I never knew that hair could stand up on end. I thought it was invented by writers. But I heard a scratching on the pillow round my ears and I felt the fresh night air on my scalp. “I wanted to scream, but I couldn’t.” “My limbs were frozen.” “I couldn’t move hand or foot.” I thought these too were fictions. They aren’t. I simply lay and stared, noting my physical sensations-even to the symptom that my eyes were so wide open that they ached. But I couldn’t move a finger. I was-another phrase from books-frightened stiff, stiff as a board.
The face behind the glass window slats was grinning. Perhaps the teeth were bared, like an animal’s, with effort. The moon glistened off the teeth and off the eyes and off the top of the hairless head to make a kind of child’s sketch of a face.

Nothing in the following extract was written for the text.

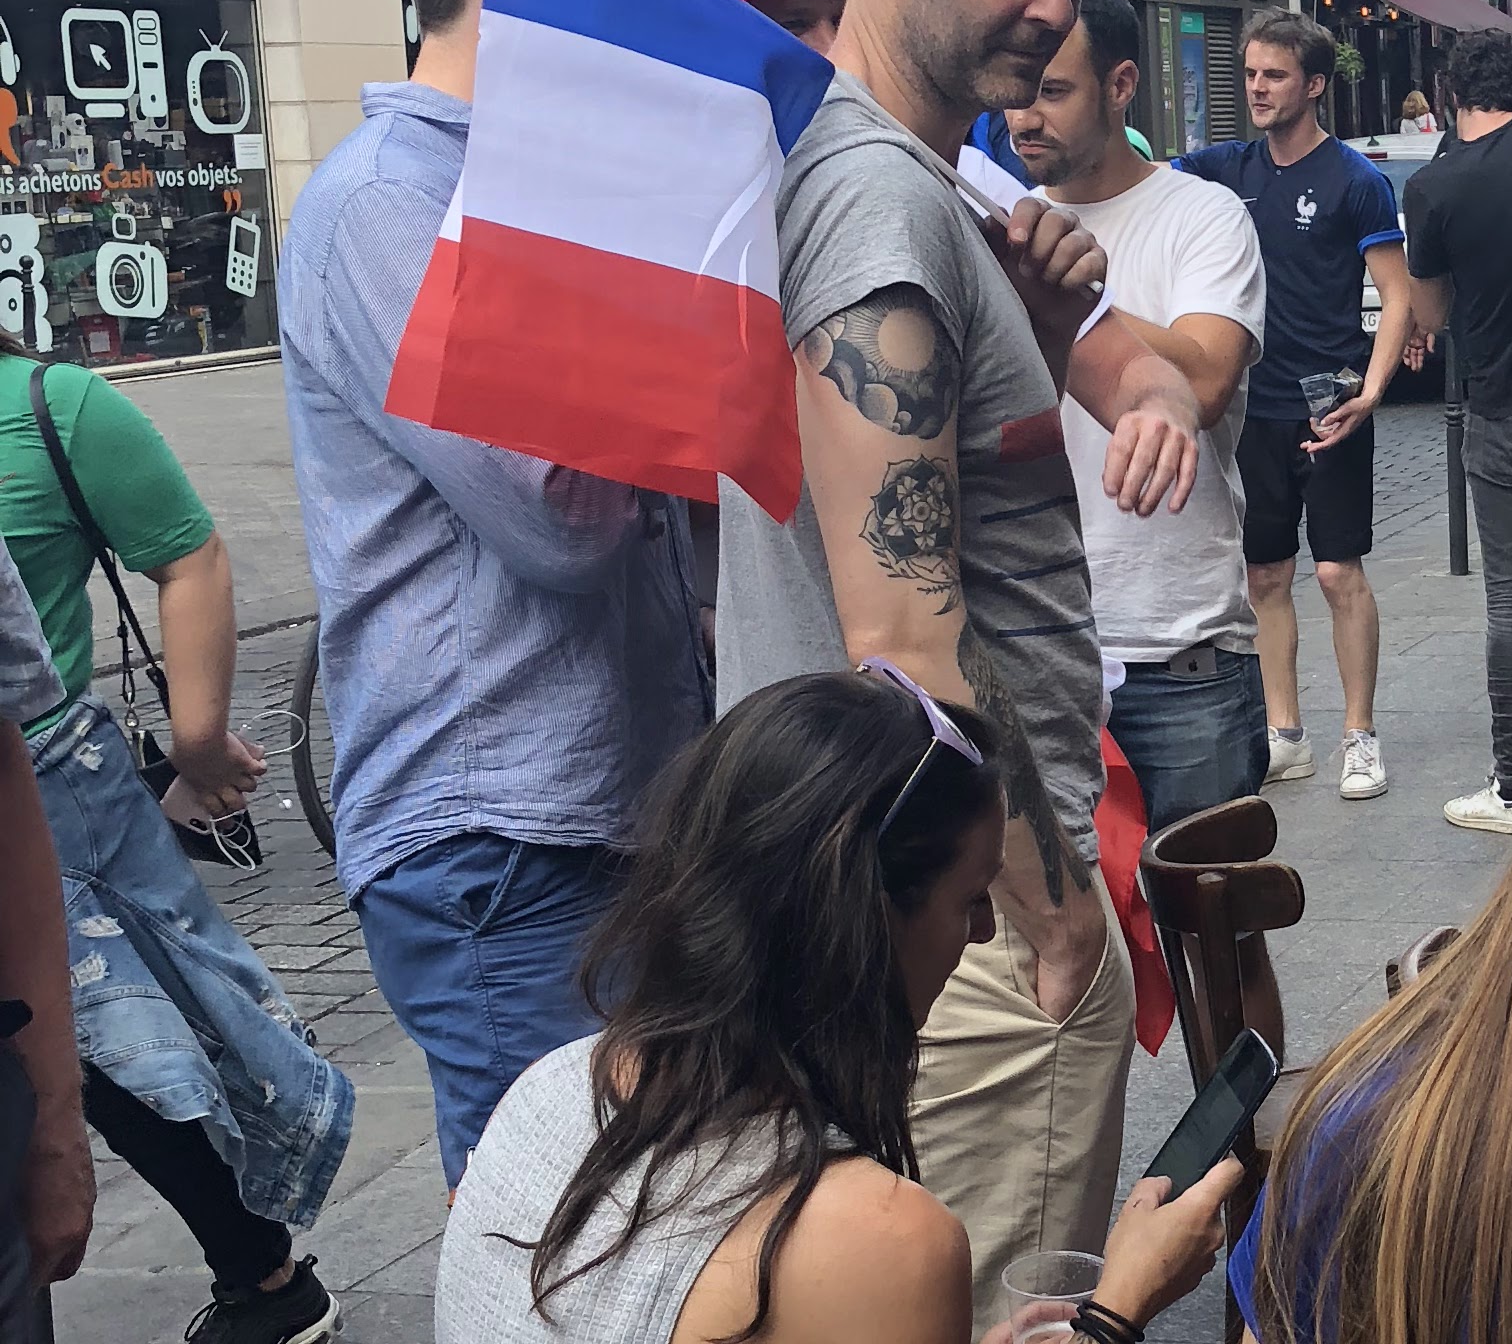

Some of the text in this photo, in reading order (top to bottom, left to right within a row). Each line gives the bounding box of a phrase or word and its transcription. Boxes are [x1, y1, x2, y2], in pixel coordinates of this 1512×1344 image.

The 长沙桑拿最好场子推荐 ghost face jerked slowly round the room, looking. It saw the white bed with the twin smudges of the heads on
the pillow. It stopped looking and slowly, painfully, a hand, with shiny metal in it, came up beside the head and smashed clumsily downward through the panes of glass.
The noise was a trigger that released me. I screamed and hit sideways with my hand. It probably didn’t help. The crash of glass had wakened him. I might even have spoiled his aim. But then came the double roar of guns, the solid slap of bullets into the wall above my head, another great splintering of glass, and the turnip face had gone.
“Are you all right, Viv?” His voice was urgent, desperate.
He saw that I was and didn’t wait for an answer. The bed heaved and suddenly the moonlight threw a great block of light through the door. He ran so quietly that I didn’t hear his feet on the concrete floor of the carport, but I could visualize him flattening himself against
its wall and edging round. I just lay and stared, aghast-another literary word, but an accurate one-at the jagged remains of the window and remembered the glistening, horrible turnip head that must have been a ghost.
James Bond came back. He didn’t say a word. The first thing he did was to get me a glass of water. The prosaic action, the first thing a parent does when the child has nightmares, brought back the room and its familiar shapes from the black and red cave of the ghosts and the guns. Then he fetched a bath towel and put a chair under the smashed window and climbed on it and draped the towel over the window.
I was suddenly conscious of the muscles that bunched and relaxed in his naked body and I was amused at how odd a man looks without any clothes on when he is not making love but just moving about a room doing
kind of household chores. I thought that perhaps one ought to be a nudist. But perhaps only under forty. I said, “James, don’t ever get fat.”
He had fixed the towel as a curtain. He got down off the chair and said absent-mindedly, “No. That’s right. One shouldn’t get fat.”
He put the chair tidily back beside the desk where it belonged and picked up his gun that he had put down on the desk. He examined the gun. He went to his small pile of clothes and took out a new clip and substituted it for the old one and came over to the bed and slipped the gun under his pillow.
Now I realized why he had lain like that, with his right hand doubled under the pillow. I guessed that he always slept like that. I thought his must be rather like a fireman’s life, always waiting for a call. I thought how extraordinary it must be to have danger as your business.